The backdrop of Machu Picchu has become something like a “Welcome to Las Vegas” sign where tourists continue to take the monotonous iconic selfie in front of the long lost city which is now heavily dotted with the brightly colored clothing of tourists much like the lights on a Christmas tree. The whole Machu Picchu experience has sadly become no more authentic then shaking hands with Elvis in Sin City.
From overpriced mass produced”authentic” Peruvian souvenirs made in China to locals demanding monetary compensation from you if you so much even look like you might snap a photo of them, one would be hard pressed to find any culture around this overly crowded tourist spot. Those who run the businesses below the ruins in Aguas Calientes have become quite rude although understandably when you see in person what they have to deal with from tourists on a daily basis.
And then there are the waiting lines, lines that will leave you more depressed than lines of cocaine.

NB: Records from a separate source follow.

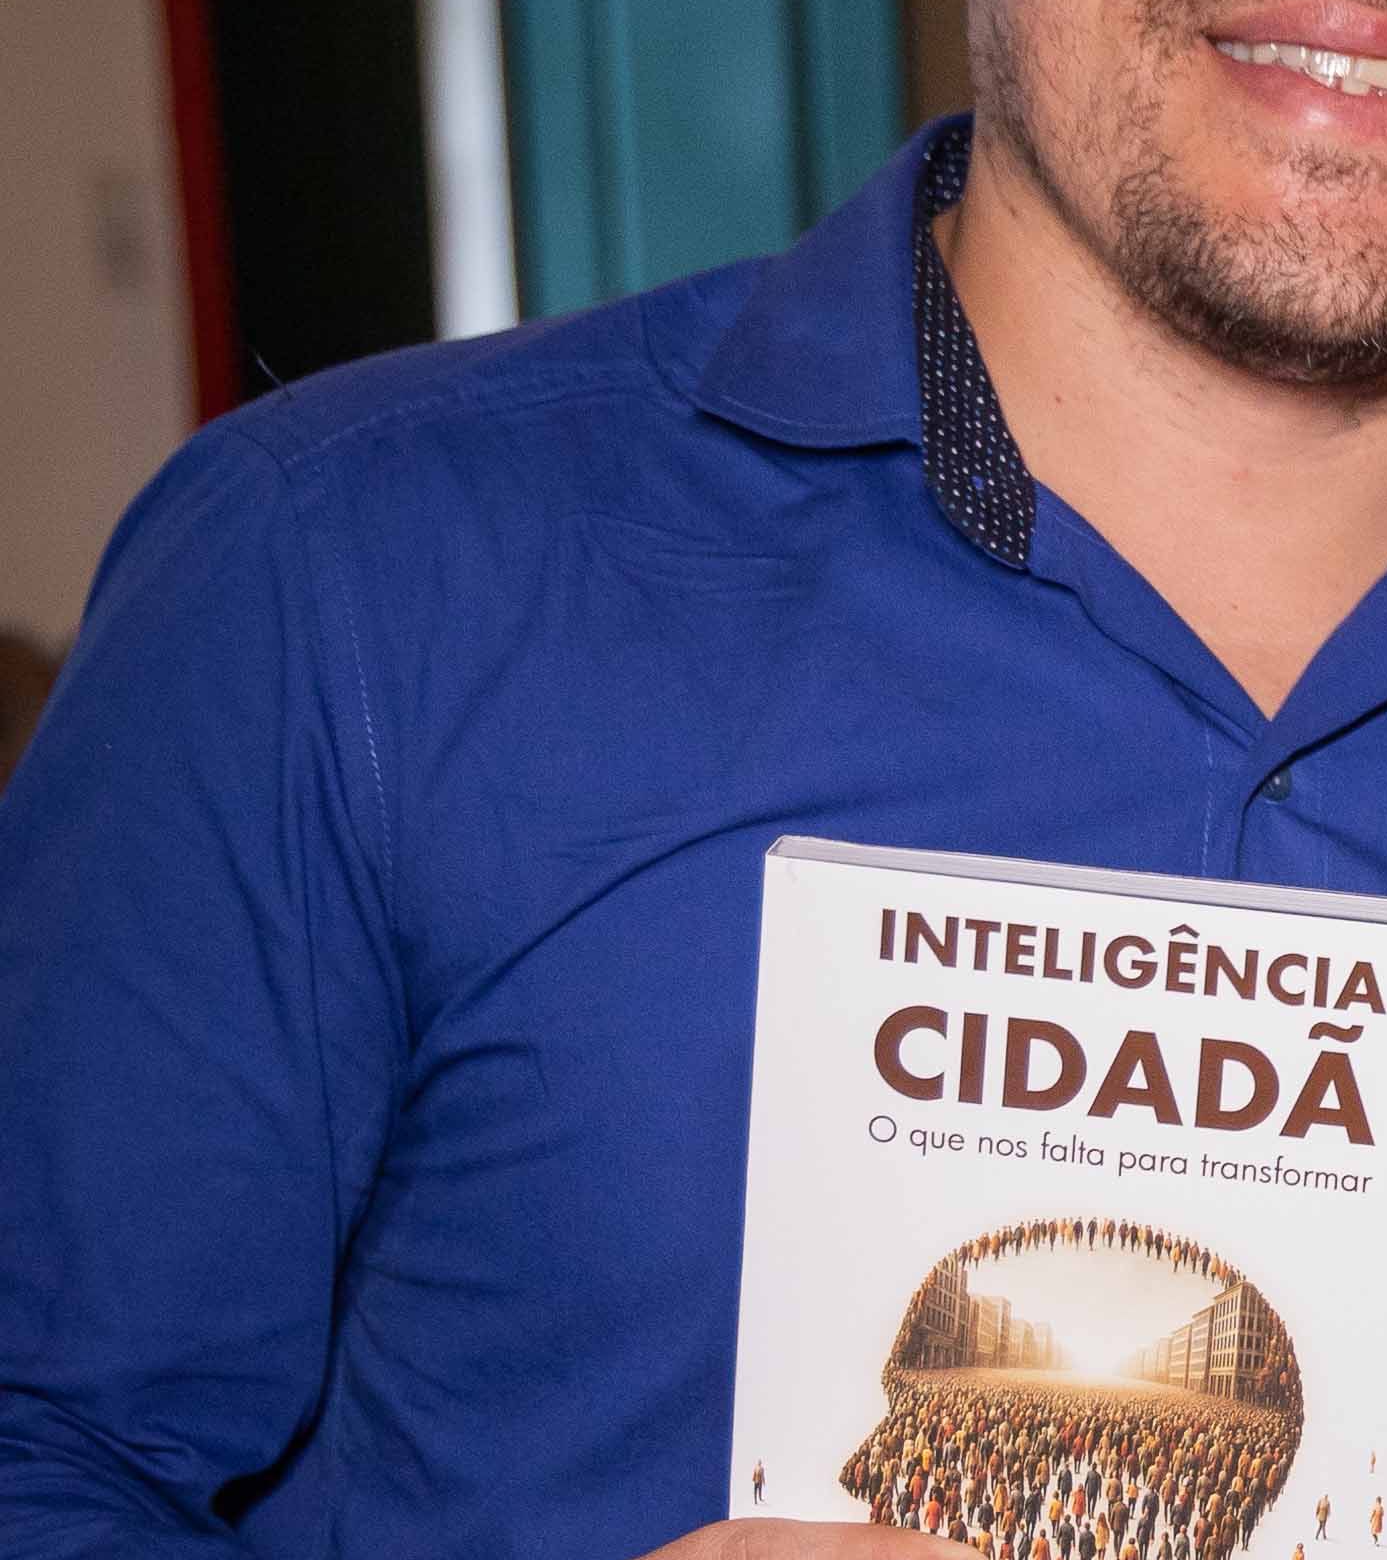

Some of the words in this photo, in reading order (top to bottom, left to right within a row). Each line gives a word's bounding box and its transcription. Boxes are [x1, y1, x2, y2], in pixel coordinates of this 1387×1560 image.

[880, 908, 1387, 1015] INTELIGÊNCIA
[873, 1006, 1376, 1147] CIDADÃ
[868, 1115, 898, 1143] O
[909, 1129, 965, 1156] que
[978, 1136, 1028, 1158] nos
[1040, 1131, 1105, 1166] falta
[1118, 1151, 1188, 1177] para
[1201, 1153, 1373, 1193] transformar
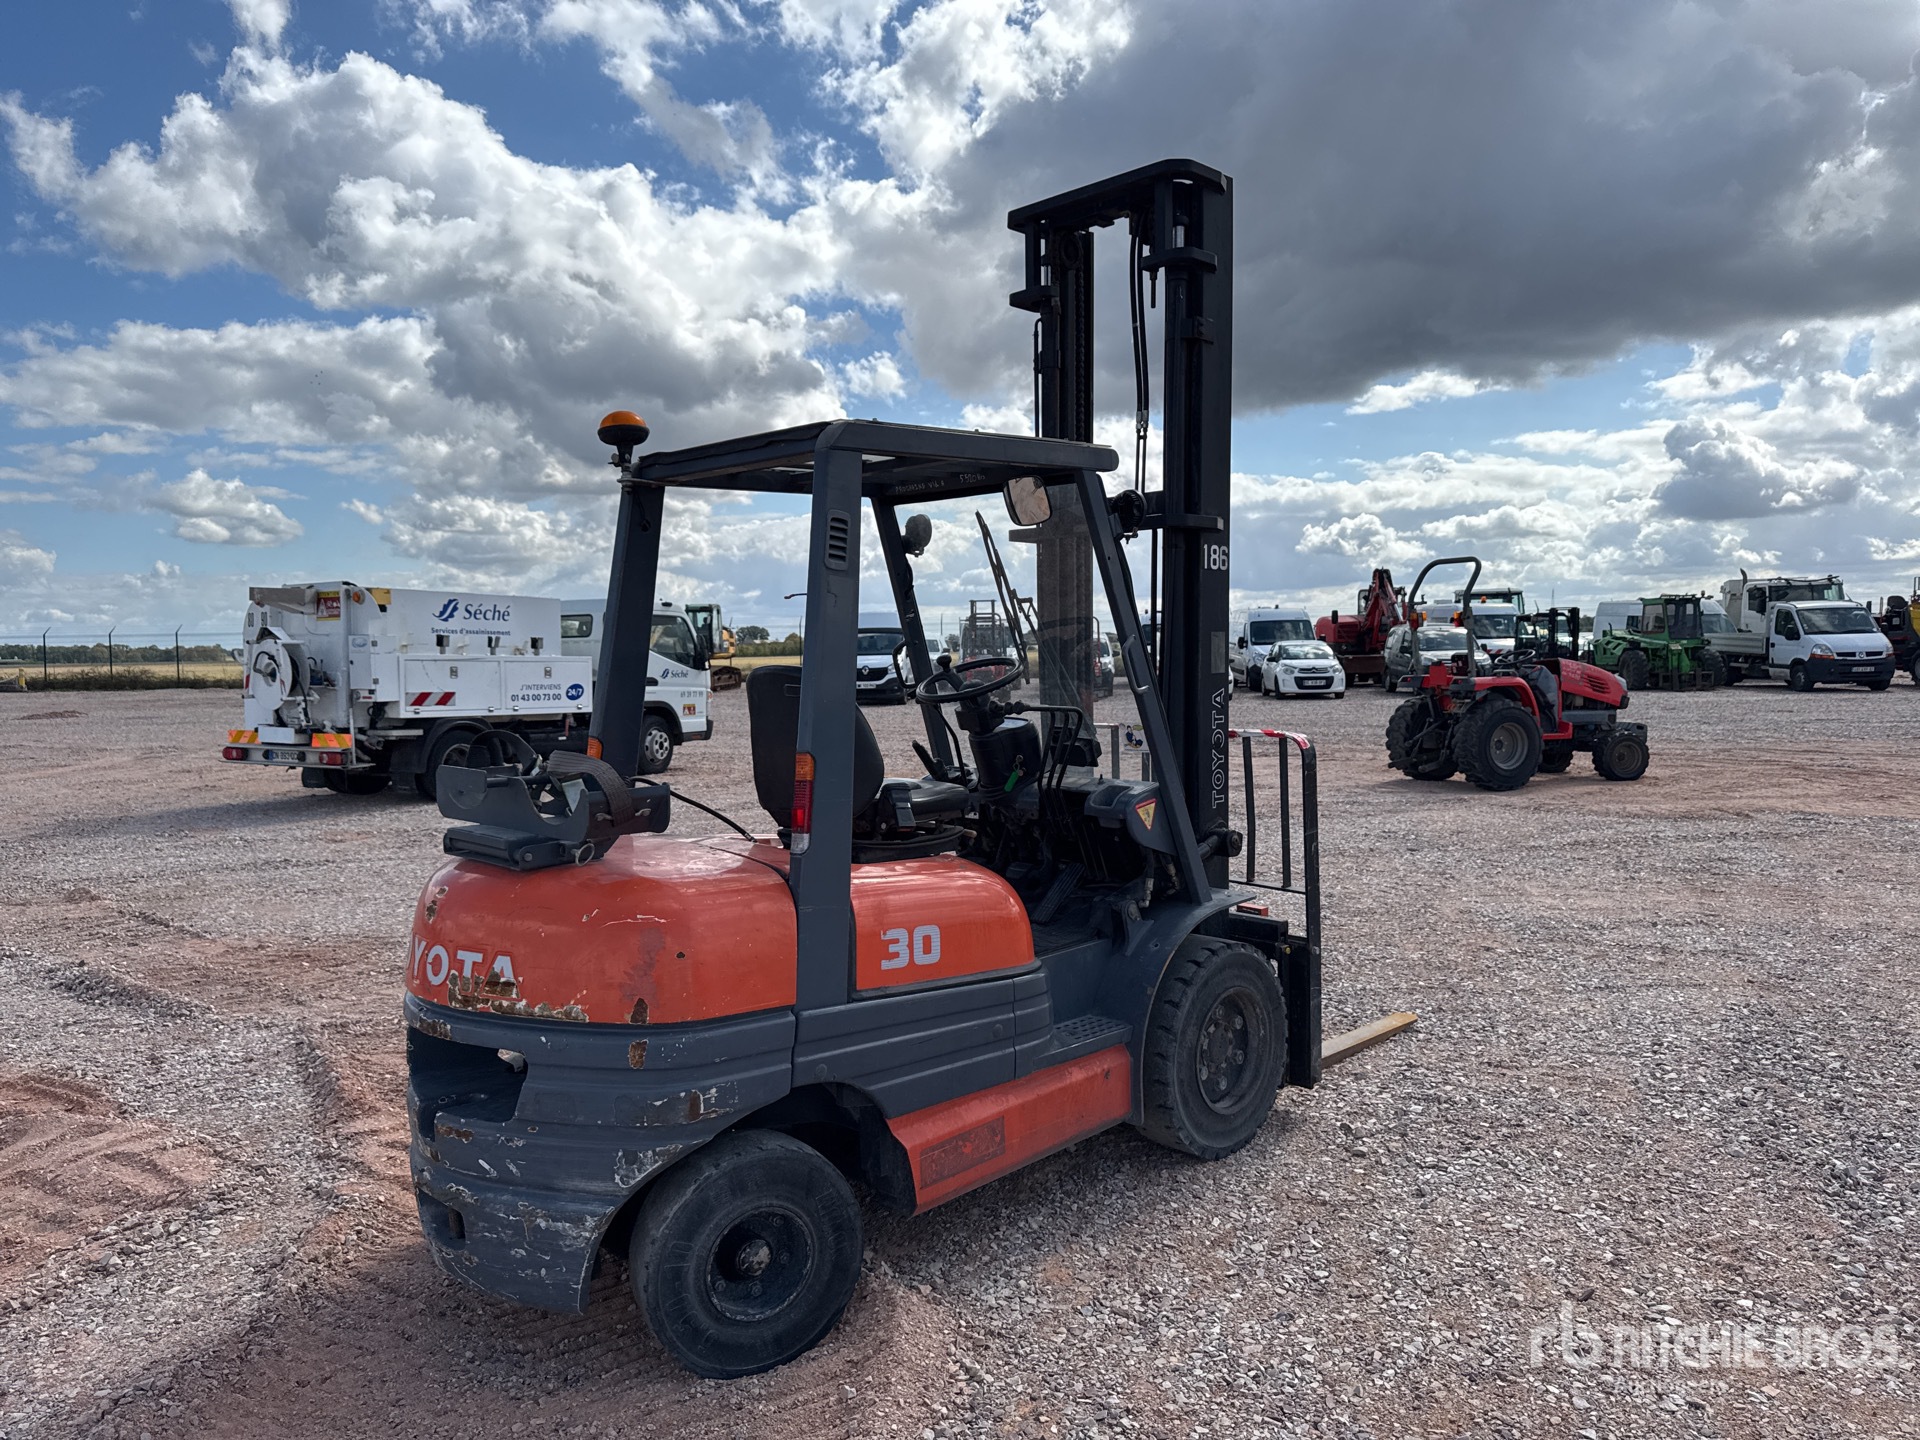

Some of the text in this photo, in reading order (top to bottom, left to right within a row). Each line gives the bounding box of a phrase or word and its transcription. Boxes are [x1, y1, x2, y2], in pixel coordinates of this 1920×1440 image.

Ticket purchase lines, bus lines, entry gate lines, an so on. By the time you actually manage to make it to the ruins, your patience and sanity will be left in ruins themselves. As for the site itself, Machu Picchu is an incredible piece of architecture and the surrounding views along with a hike up Huayna Picchu does produce some stunning scenery. If only these views weren’t constantly being interrupted by passing tourists, crying children who didn’t get the stuffed alpaca toy they wanted, or politely pausing for people who seem to use everything but an actual camera to take pictures of a place they traveled so far to see.
Then it’s back to the city of Aguas Calientes, a city which has become filthy with smells I wish to never know the origins of. Massive bags of trash pile up around the city, severely overburdened by the demands of western civilization. Stray dogs of every shape in size seem to breed like rabbits here which one hopes isn’t being served in restaurants being passed of as alpaca or cuy meat.
Make no mistake, Peru and its Andes are an incredible place and I have no doubt there are hidden pockets that will produce life changing experiences. The famous Inca trail that many hike as they make their pilgrimage towards Machu Picchu offers a much more authentic experience. It is just disappointing that instead of reaching Inca treasure a the end of the journey, they are instead left with fool’s good.
Machu Picchu is by far not the only world site that has been ruined by tourism and it will certainly not be the last. It is inevitable as our population continues to rise and worlds merge via the internet and modernization that culture and mystery will forever be lost. It is a blessing that in today’s day all of earth’s incredible places are becoming so accessible and a curse that they will therefore inevitably be set on course of destruction.
They say that “third times the charm” but as far as Machu Picchu goes, I think I will just count my losses and keep my visits to two.